The technology behind CrowdStrike’s cybersecurity solution relies on lightweight agents or sensors to monitor threats and collect critical security data. As organizations have learned, some agents can be easier than others.
“When you look at them, they are often not easy; It takes a lot of effort to install and they have to be restarted,” said Michael Sentonas (pictured), chief technology officer at CrowdStrike Holdings Inc. “We have an intelligent agent with intelligent filtering built in, so we’re very careful with that of the data, that we raise. I’ve spoken to organizations who said that based on their past experience, they planned to launch our product in 18 months, and we did it in seven weeks. This is a lightweight agent.”

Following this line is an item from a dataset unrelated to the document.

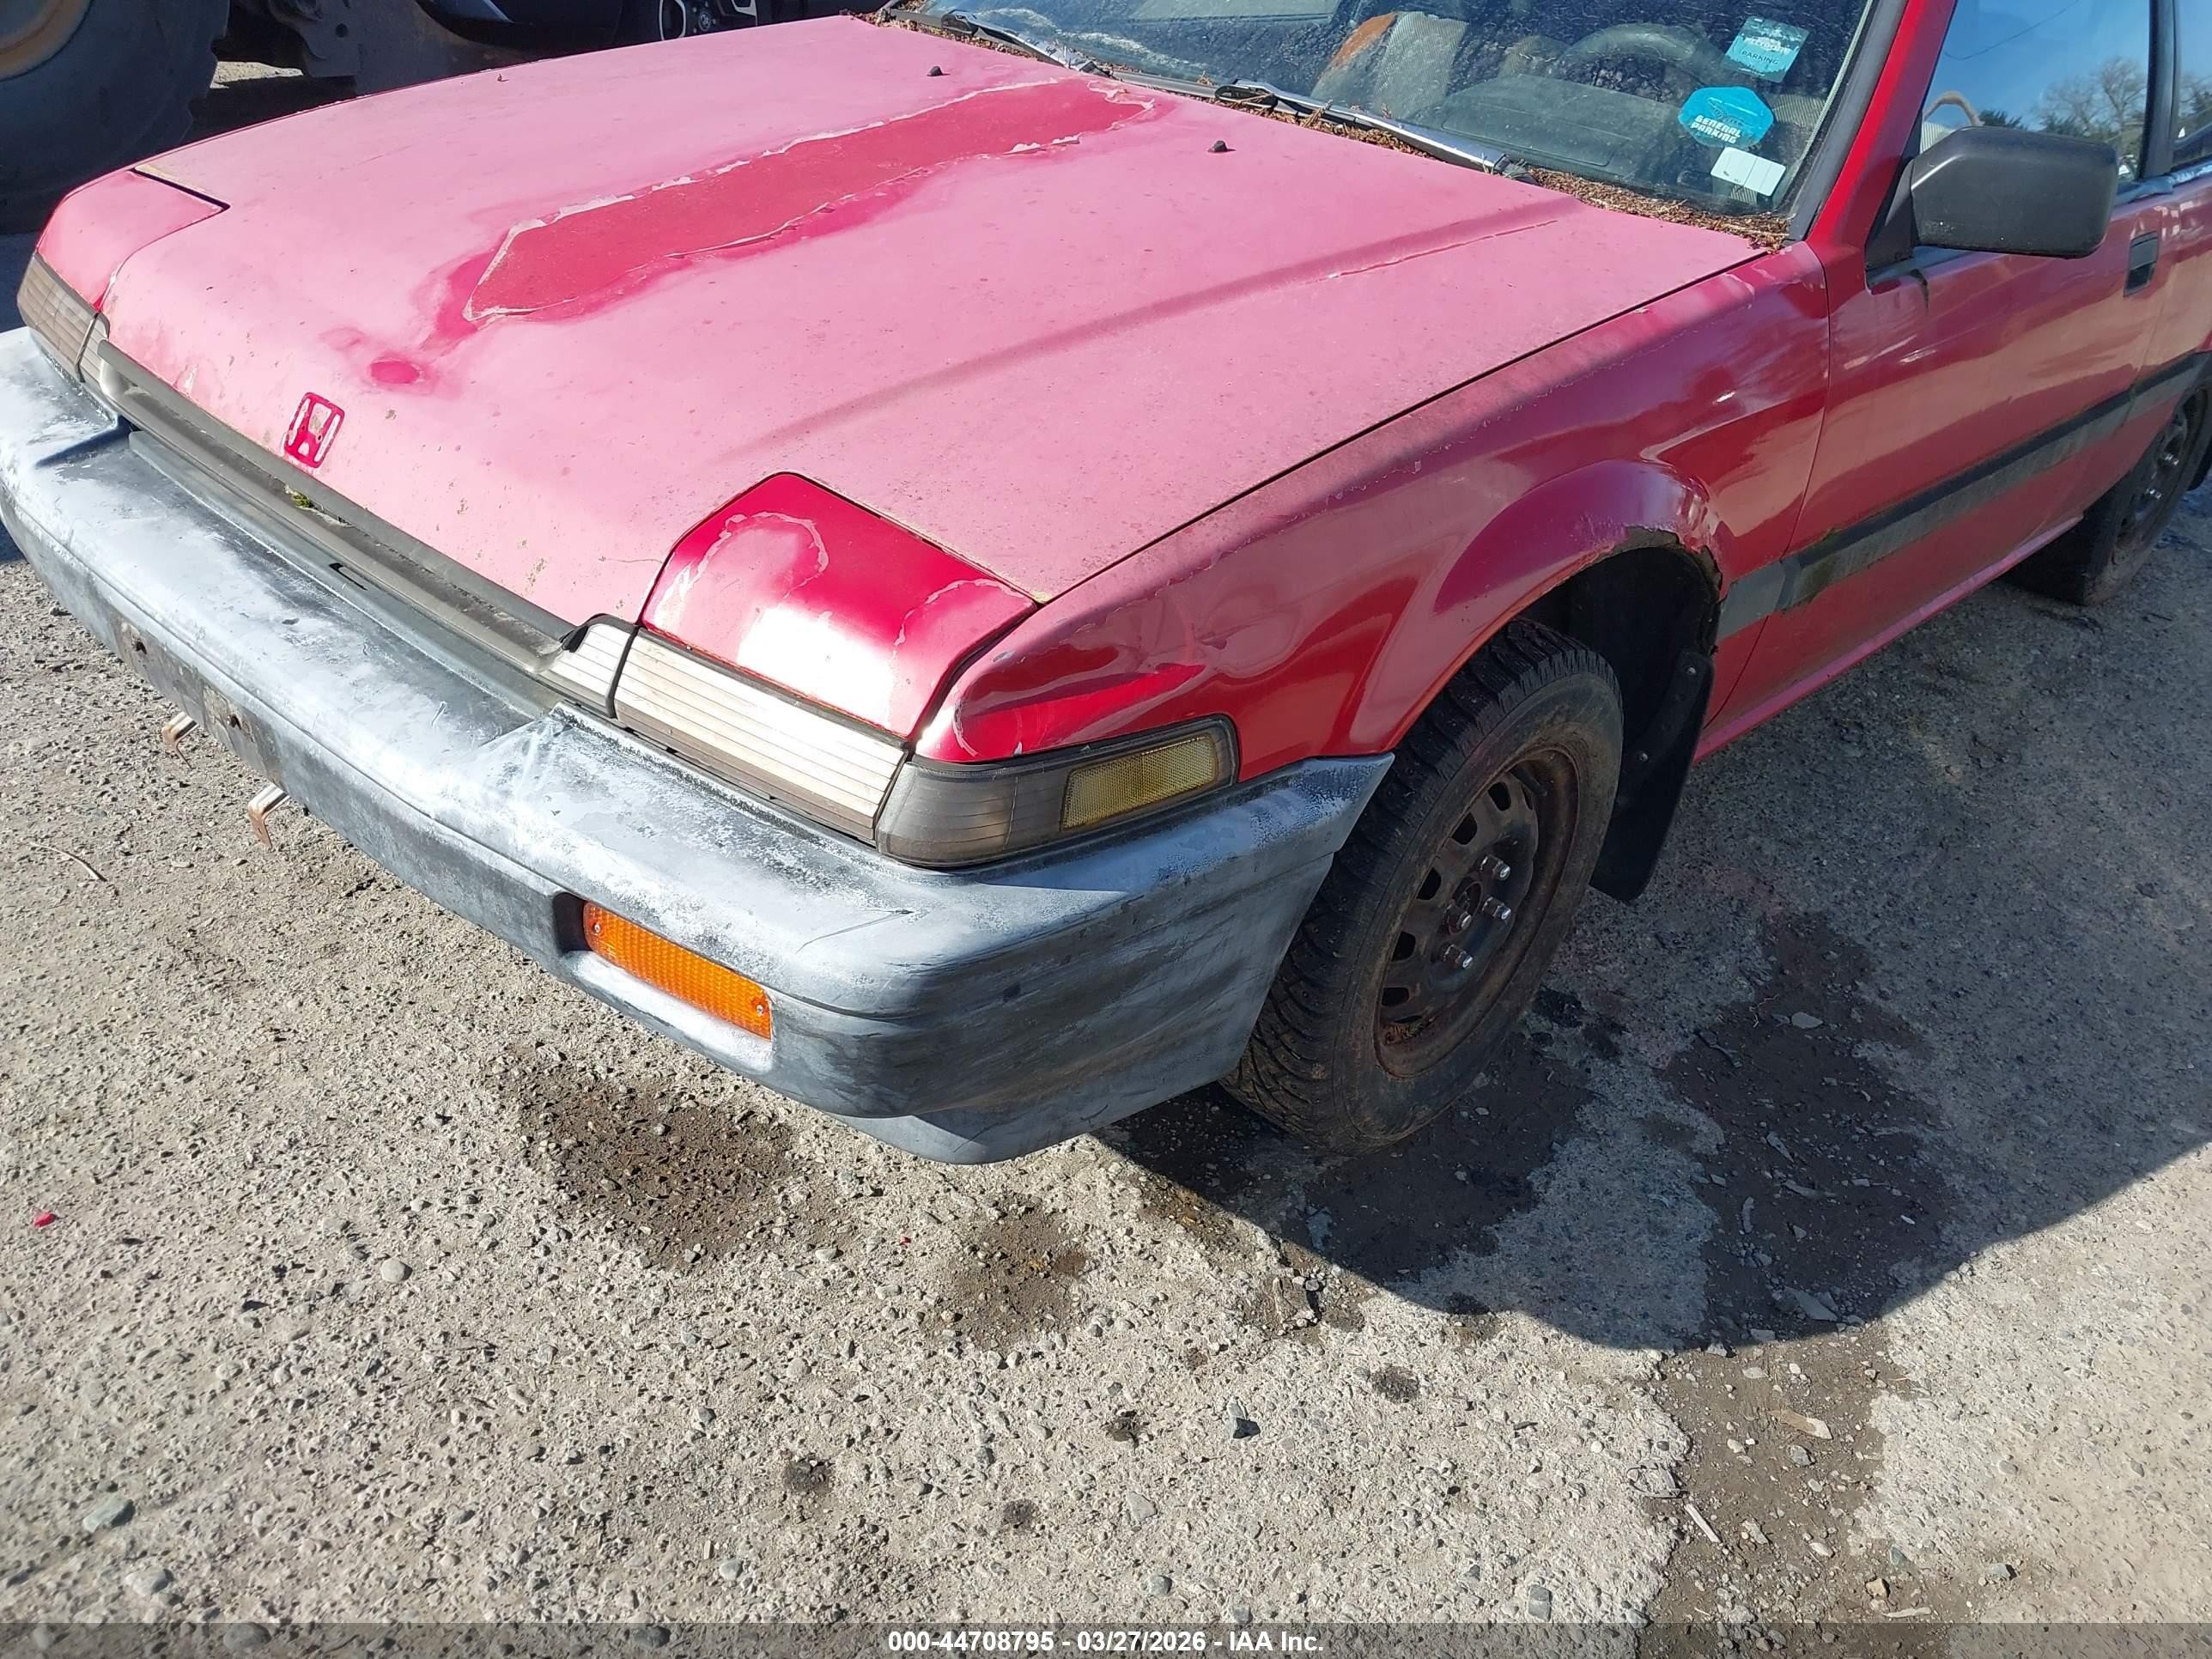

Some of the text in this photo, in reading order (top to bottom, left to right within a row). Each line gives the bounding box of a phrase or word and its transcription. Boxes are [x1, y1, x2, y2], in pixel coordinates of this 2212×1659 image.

[1741, 49, 1778, 64] PARKING
[1691, 122, 1737, 143] PARKING
[1695, 115, 1741, 137] GENERAL

Sentonas spoke with theCUBE Industry Analyst Dave Vellante during theCUBE @ Fal.Con 2022, an exclusive broadcast on theCUBE, SiliconANGLE Media’s live streaming studio. They discussed expanding CrowdStrike’s partner network and how the company has built a unique telemetry processing engine for enterprise security. (*Disclosure below.)
Third party growing data
CrowdStrike’s use of lightweight agents to pull telemetry data from a variety of sources formed the basis of several key announcements at this week’s Fal.Con. This included news that its Falcon Insight product with advanced detection and response, or XDR, would add third-party telemetry from CrowdStrike’s growing partner network.
“My keynote speech was to show everyone the work we’ve done bringing in data from Zscaler and Proofpoint,” said Sentonas. “We have announced that we will be pulling telemetry data from Palo Alto Networks, Microsoft and others. XDR is about first-party and third-party integration and having all telemetry working together.”
As Sentonas explained, CrowdStrike built its own engine to process the massive amount of telemetry data and increase the response speed required for it.
“We had to build the technology from scratch,” Sentonas said. “Today we process over 7 trillion events every week. The reason why I think we stand alone in electronic data exchange is because of the time component; We just have so much context that makes it easy for the threat hunter. Speed and ease of use are key in the cyber space.”
Here is the full video interview, part of SiliconANGLE and theCUBE’s coverage of theCUBE @ Fal.Con 2022:
(*Disclosure: CrowdStrike Holdings Inc. sponsored this segment of theCUBE. Neither CrowdStrike nor any other sponsors have editorial control over content on theCUBE or SiliconANGLE.)